Referring expression grounding data:
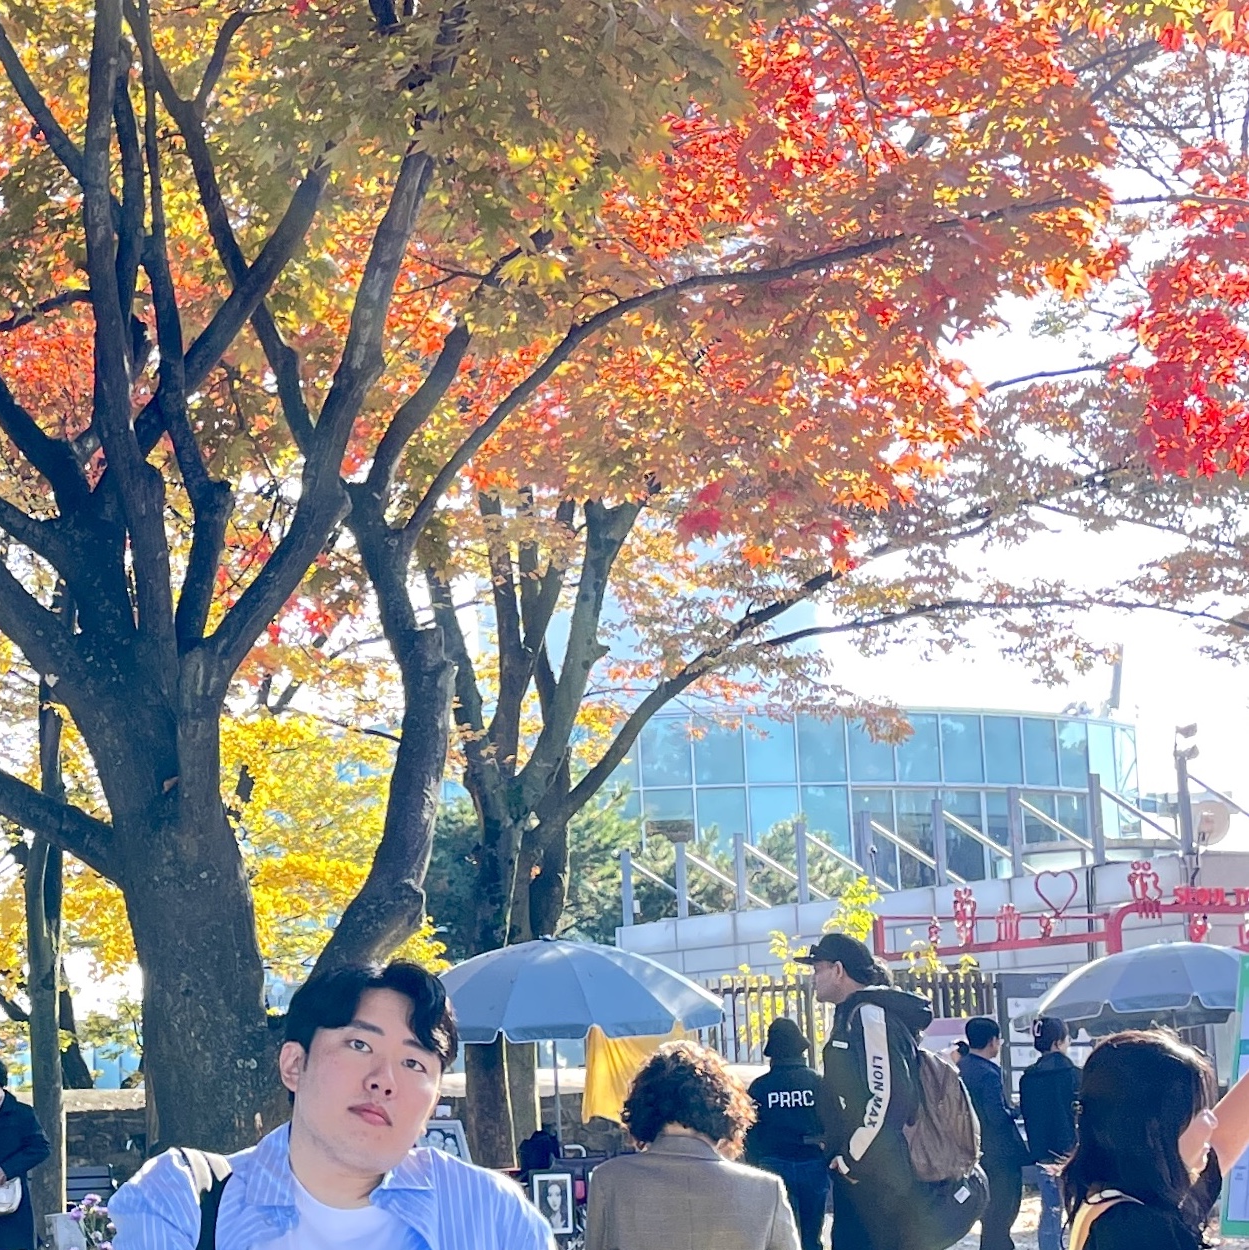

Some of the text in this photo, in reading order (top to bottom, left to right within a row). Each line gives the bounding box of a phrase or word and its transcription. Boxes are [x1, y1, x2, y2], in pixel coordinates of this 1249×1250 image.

[1173, 886, 1231, 905] SEOUL
[767, 1089, 815, 1109] PRRC
[866, 1055, 884, 1128] LION MAX
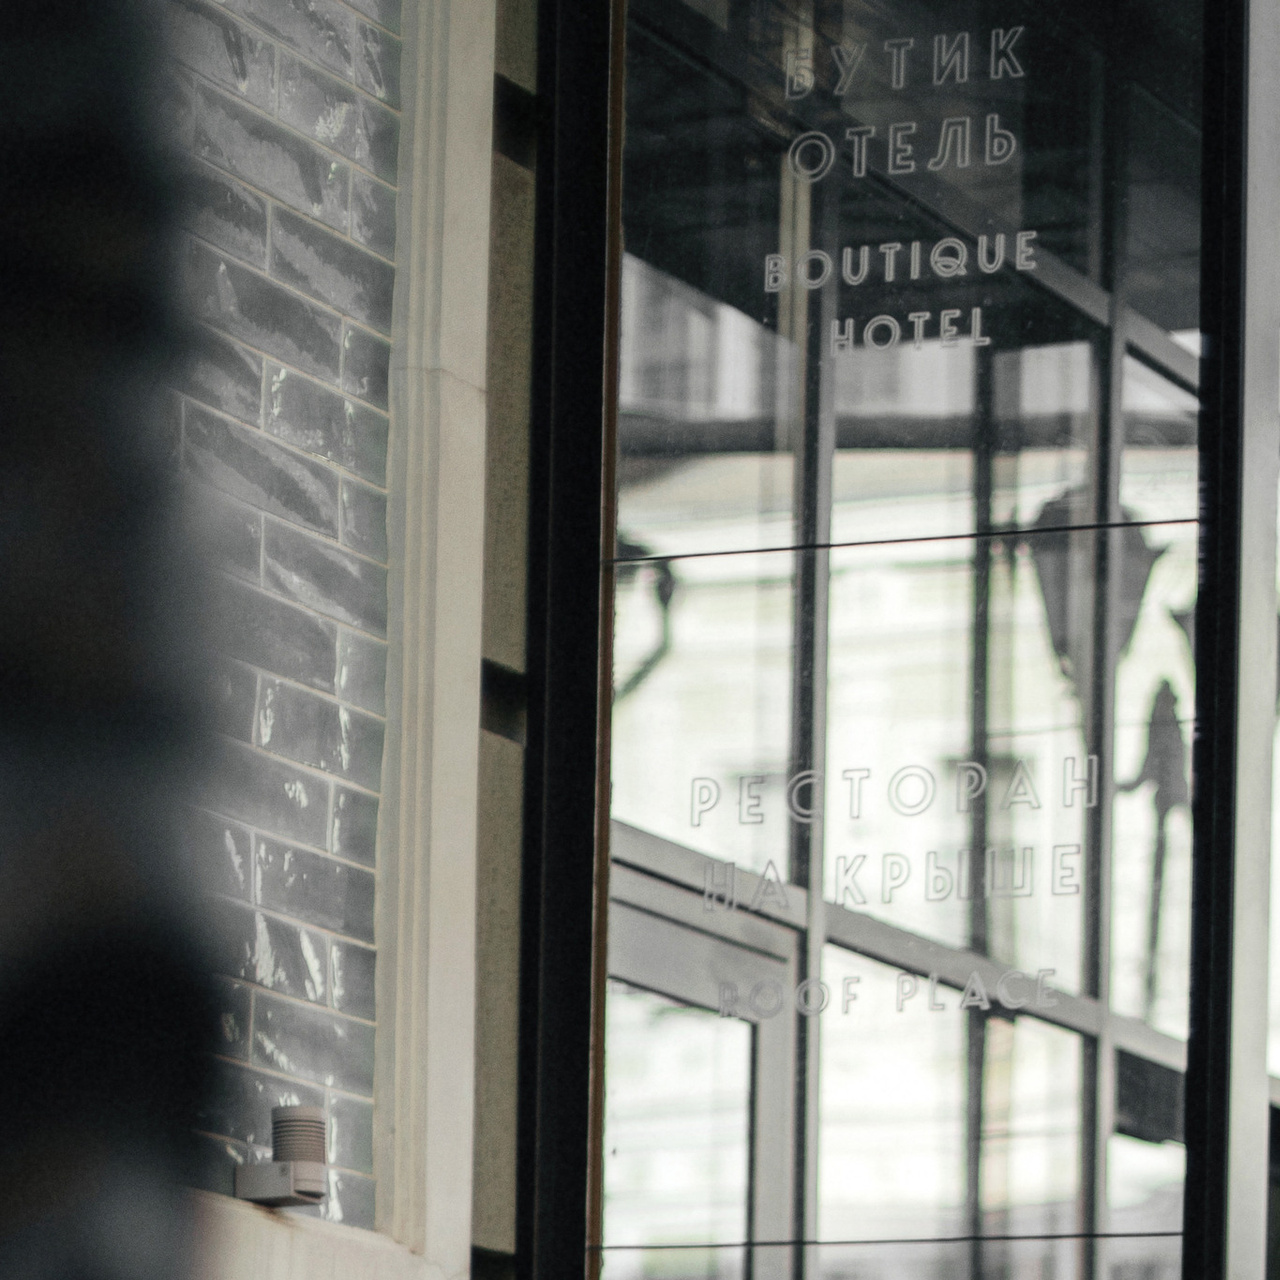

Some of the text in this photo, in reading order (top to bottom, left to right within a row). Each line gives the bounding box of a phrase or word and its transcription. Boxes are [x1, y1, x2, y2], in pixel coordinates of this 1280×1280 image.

[785, 26, 1025, 100] БУТИК
[788, 113, 1017, 183] ОТЕЛЬ
[764, 230, 1038, 293] BOUTIQUE
[830, 307, 991, 357] HOTEL
[690, 754, 1099, 827] РЕСТОРАН
[702, 843, 1081, 912] НА КРЫШЕ

Problem to work on: The answer must consist of the lines from the one with "this 1280×1280 image." through the final line of the entries above, exactly as they are, and nothing else.

Solution to this task:
Some of the text in this photo, in reading order (top to bottom, left to right within a row). Each line gives the bounding box of a phrase or word and its transcription. Boxes are [x1, y1, x2, y2], in pixel coordinates of this 1280×1280 image.

[785, 26, 1025, 100] БУТИК
[788, 113, 1017, 183] ОТЕЛЬ
[764, 230, 1038, 293] BOUTIQUE
[830, 307, 991, 357] HOTEL
[690, 754, 1099, 827] РЕСТОРАН
[702, 843, 1081, 912] НА КРЫШЕ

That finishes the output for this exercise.